Kac's Program and Relative Entropy Decay for Nonlinear Spin-Exchange Dynamics

TL;DR

This paper introduces a nonlinear spin-exchange model for Ising systems, proving convergence to equilibrium and exponential decay in relative entropy, using a kinetic theory approach and modified logarithmic Sobolev inequalities.

Contribution

It develops a new nonlinear exchange dynamics framework for Ising models and establishes convergence and decay rates using a novel kinetic theory approach.

Findings

Proves convergence of the nonlinear dynamics to the Ising equilibrium.

Shows exponential decay of relative entropy for weak interactions.

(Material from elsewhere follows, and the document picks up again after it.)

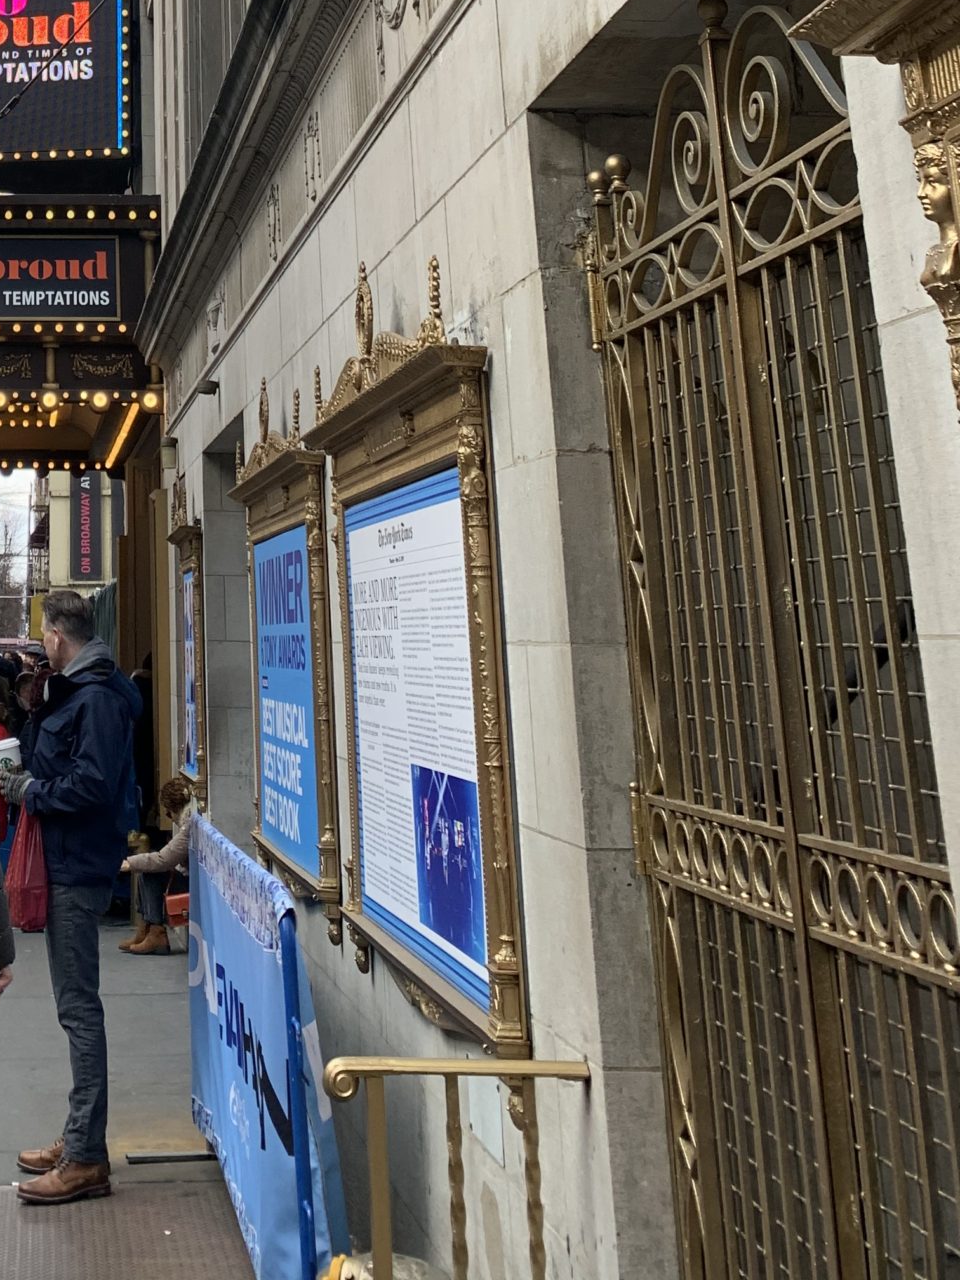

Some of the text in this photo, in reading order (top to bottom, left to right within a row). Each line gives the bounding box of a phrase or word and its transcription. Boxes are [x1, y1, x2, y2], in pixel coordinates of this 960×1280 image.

Establishes a uniform modified logarithmic Sobolev inequality for the associated particle system.

Abstract

We introduce and analyze a nonlinear exchange dynamics for Ising spin systems with arbitrary interactions. The evolution is governed by a quadratic Boltzmann-type equation that conserves the mean magnetization. Collisions are encoded through a spin-exchange kernel chosen so that the dynamics converge to the Ising model with the prescribed interaction and mean magnetization profile determined by the initial state. We prove a general convergence theorem, valid for any interaction and any transport kernel. Moreover, we show that, for sufficiently weak interactions, the system relaxes exponentially fast to equilibrium in relative entropy, with optimal decay rate independent of the initial condition. The proof relies on establishing a strong version of the Kac program from kinetic theory. In particular, we show that the associated Kac particle system satisfies a modified logarithmic Sobolev inequality with constants uniform in the number of particles. This is achieved by adapting the method of stochastic localization to the present conservative setting.